+++ Data listing

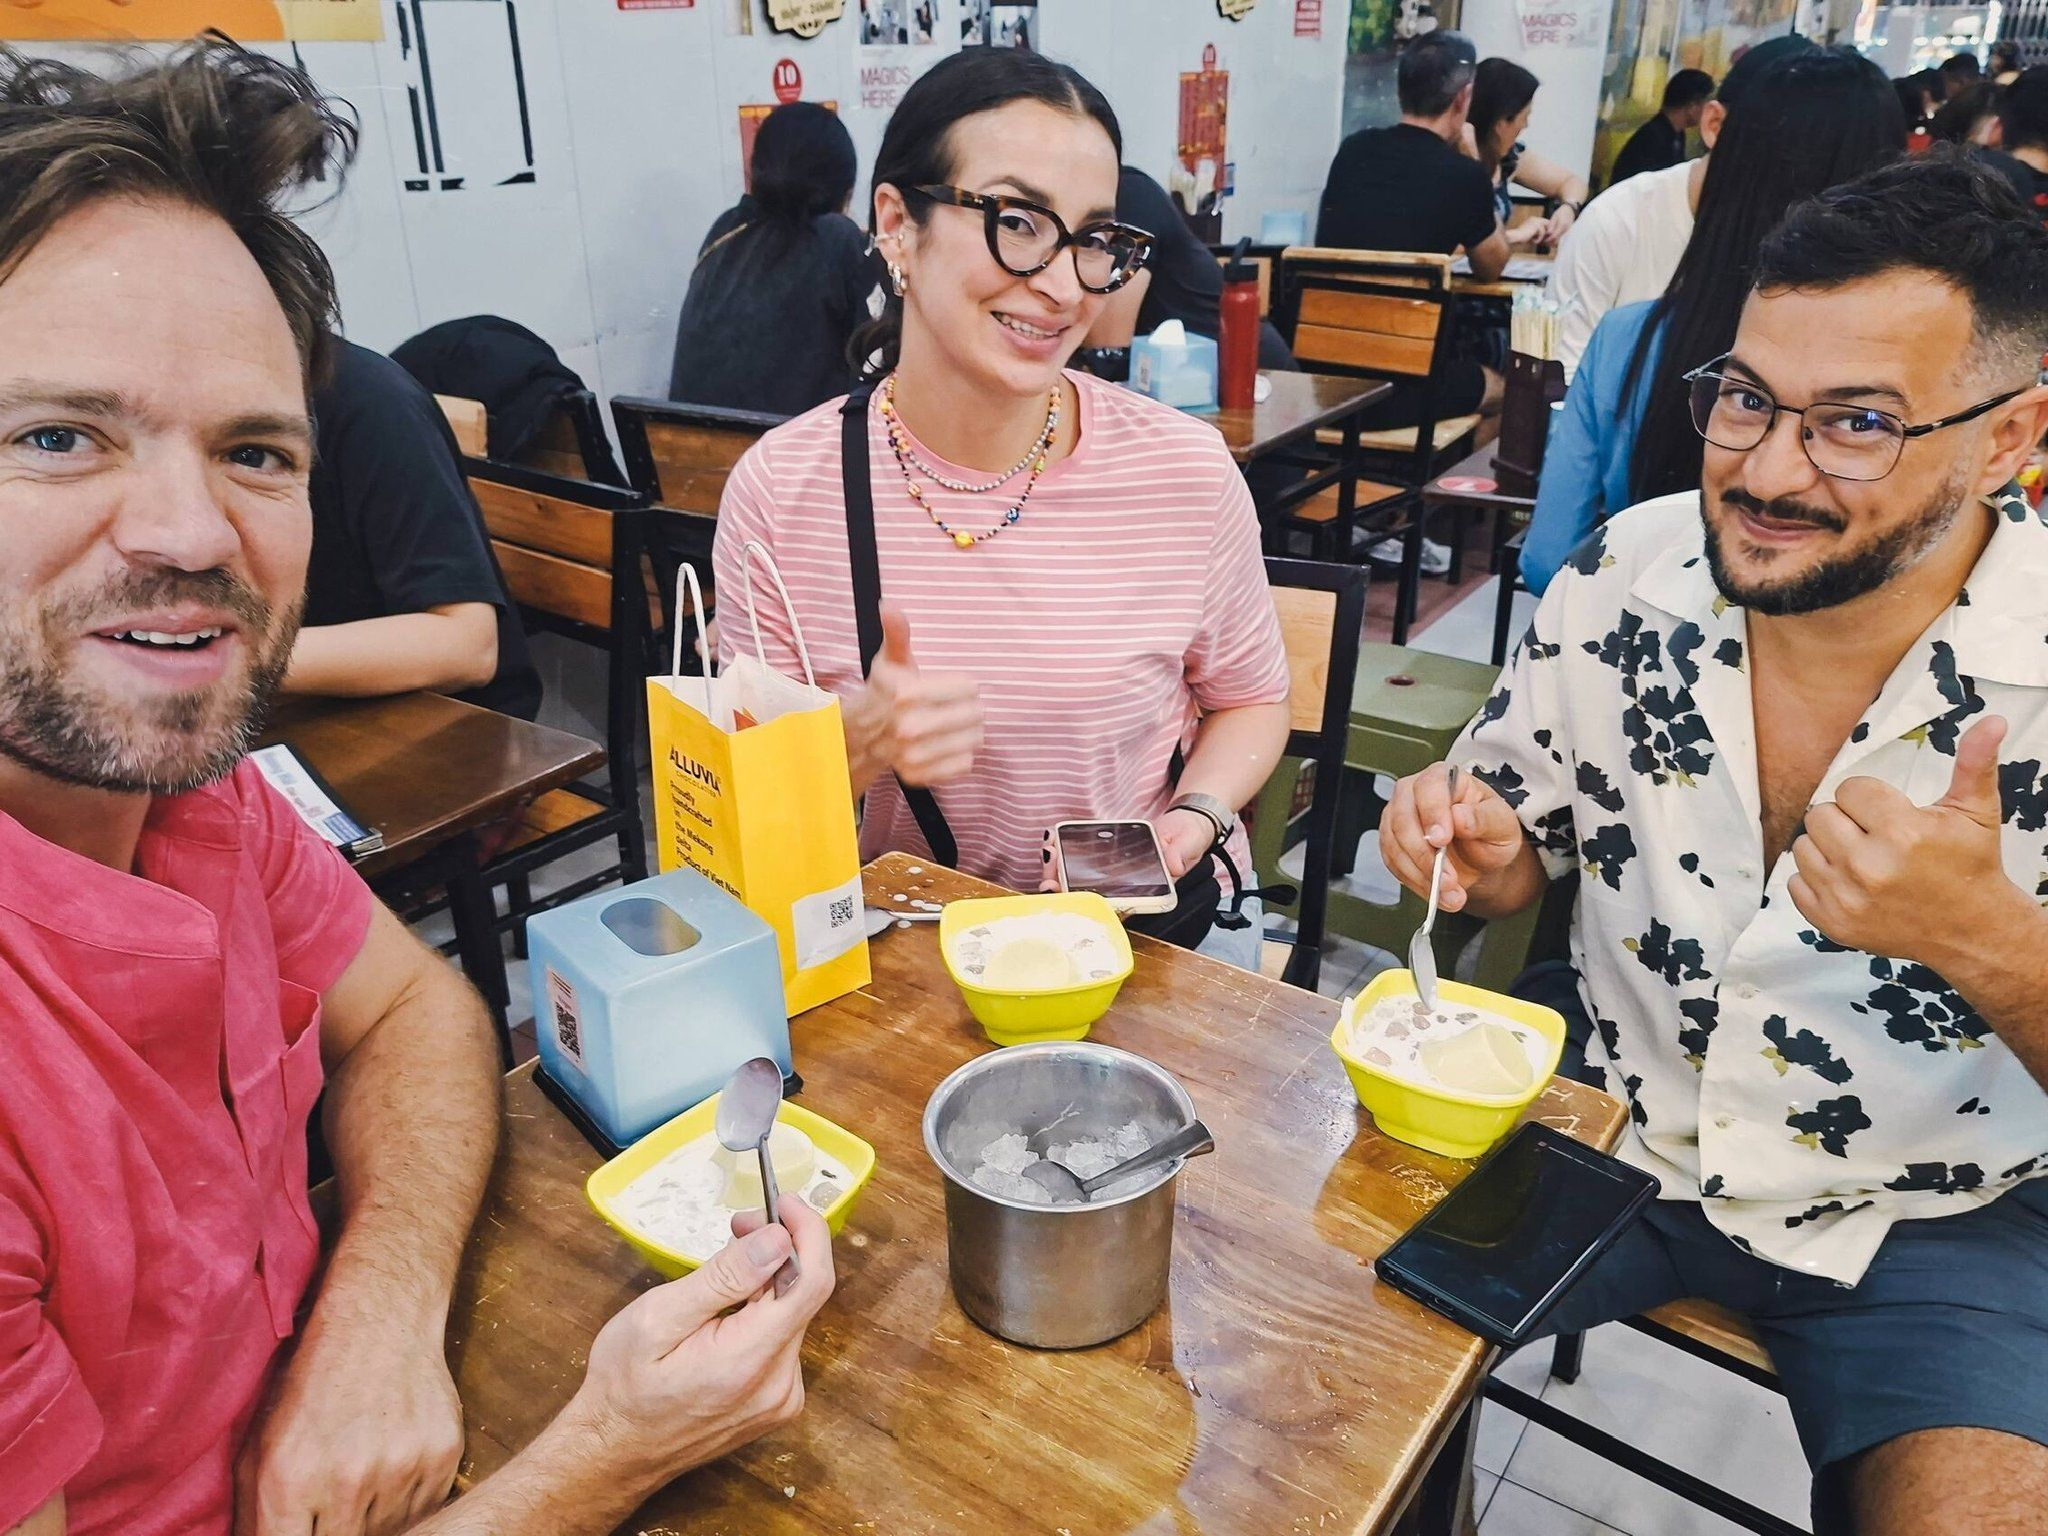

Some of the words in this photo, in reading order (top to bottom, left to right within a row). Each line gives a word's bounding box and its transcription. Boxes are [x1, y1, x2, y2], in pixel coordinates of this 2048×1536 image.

[777, 65, 797, 86] 10
[860, 66, 910, 87] MAGICS
[861, 88, 897, 108] HERE
[686, 828, 713, 855] Mekong
[725, 881, 742, 901] Nam

++++++

**Task directions**: What is needed here is an exact copy of all the entries, without the pictures.

**Output**:
Some of the words in this photo, in reading order (top to bottom, left to right within a row). Each line gives a word's bounding box and its transcription. Boxes are [x1, y1, x2, y2], in pixel coordinates of this 2048×1536 image.

[777, 65, 797, 86] 10
[860, 66, 910, 87] MAGICS
[861, 88, 897, 108] HERE
[686, 828, 713, 855] Mekong
[725, 881, 742, 901] Nam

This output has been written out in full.